Il Parroco don Marco Mauri e don Marco Ruffinoni, novello sacerdote introbiese ordinato nel settembre scorso, hanno scandito il lungo cammino della processione con la recita di preghiere, di rosari e di canti.
Fino ad alcuni anni fa, il Parroco saliva a cavallo : il cavallo era fornito dalla famiglia Invernizzi “Pedroon”, che ‘caricava’ l’Alpe di Sasso: aveva fatto voto perché un figlioletto era stato morso da una vipera e si era salvato per l’intercessione della Madonna di Biandino. Il quadro con l’ex voto è tuttora visibile nella chiesetta, ma è bello ricordare che scrissero “Finchè avremo mandrie, con qualsiasi tempo, lasciamo in giuramento perpetuo ai nostri discendenti che un nostro cavallo, condotto per mano da un nostro familiare, accompagni il Parroco da Introbio a Biandino il giorno 5 agosto di ogni anno che Dio ci farà dono di vivere”.
A Biandino si sale dunque per fede e per tradizione, come ha ricordato nella sua omelia Don Marco Ruffinoni, auspicando che l’aspetto religioso prevalga sul folklore e sulla festa ‘laica’ che da sempre si accompagna a questo giorno.

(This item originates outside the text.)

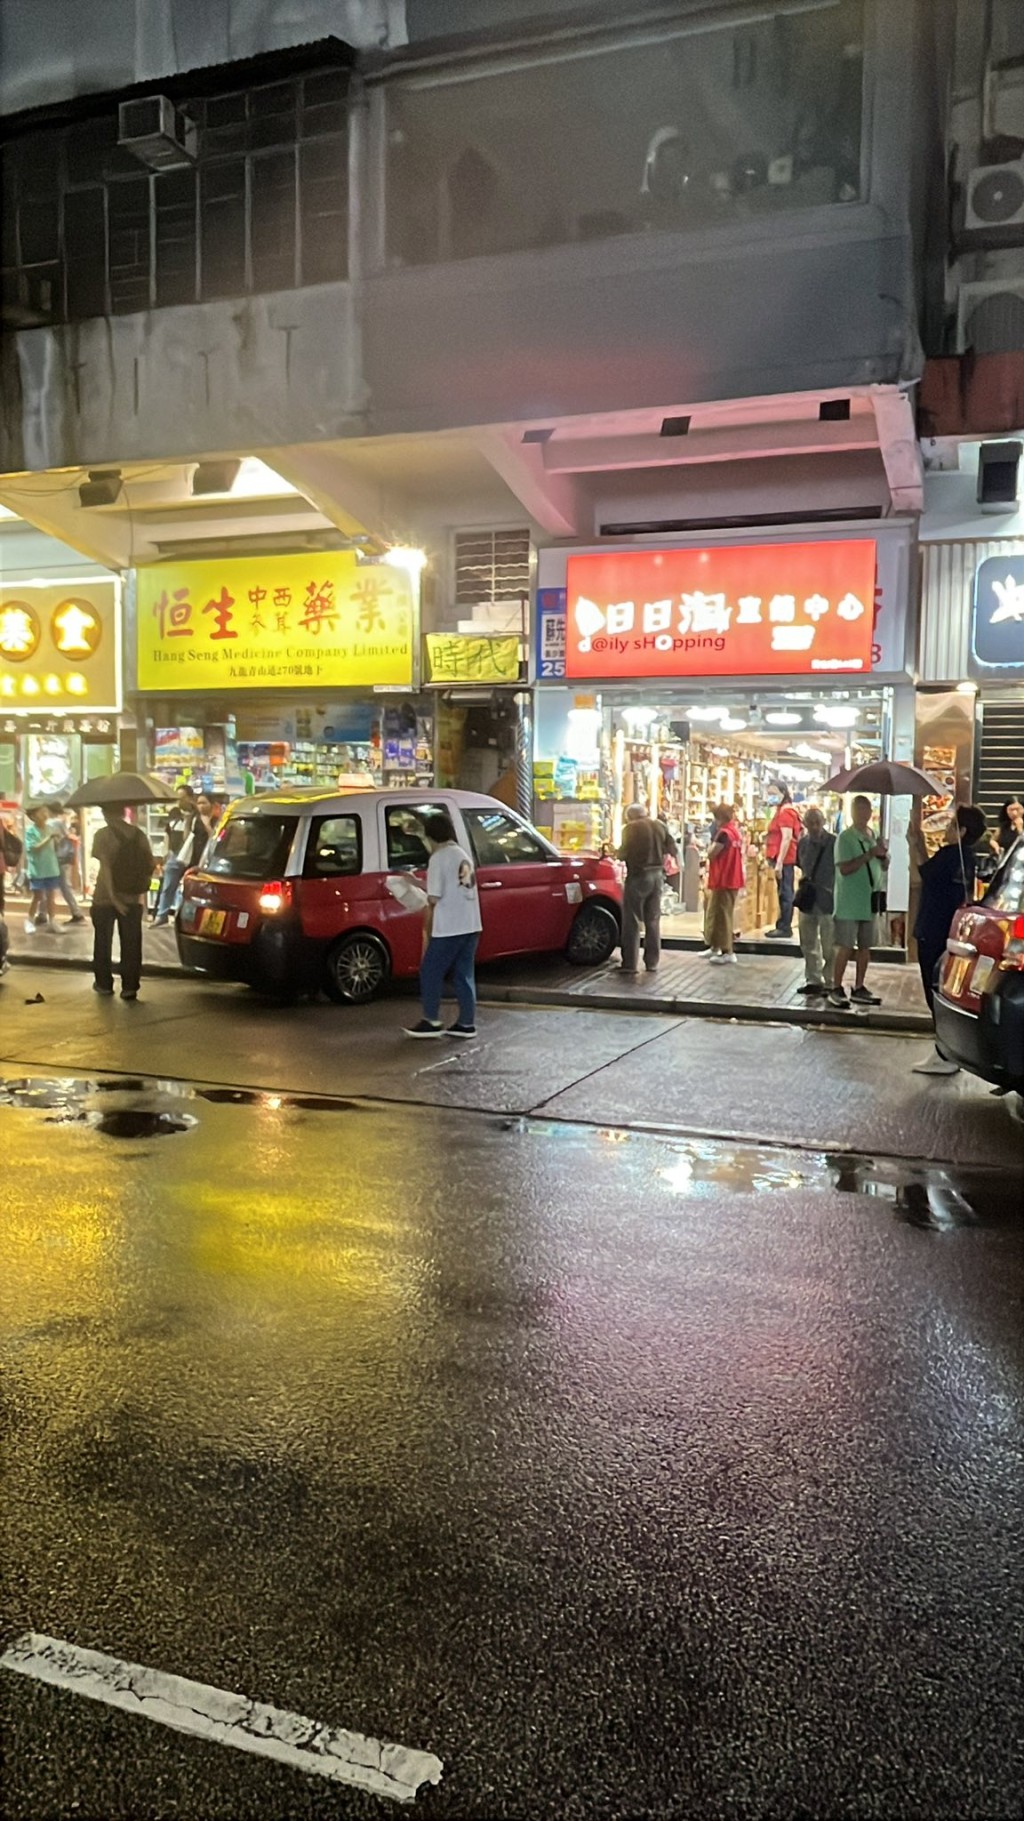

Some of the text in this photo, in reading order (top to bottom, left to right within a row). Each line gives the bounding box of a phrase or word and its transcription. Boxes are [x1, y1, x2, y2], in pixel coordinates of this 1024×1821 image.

[247, 586, 292, 610] 中西
[153, 587, 238, 640] 恒生
[153, 643, 407, 663] Hang Seng Medicine Company Limited

La santa messa è stata concelebrata all’aperto, con i fedeli radunati sui declivi dei pascoli che circondano il santuario, alla presenza del Prefetto, del Questore, del Comandante dei Carabinieri di Lecco e del Sindaco di Introbio.
Al ritorno, i fedeli si ritrovano alla “Cà del Dolfo” e in processione ritornano in paese, cantando le litanie nella melodia tradizionale e concludendo con il Canto del Te Deum e di “Gesù dolcissimo”, che per ogni Introbiese o fedele è il canto che conclude questa ricorrenza molto amata.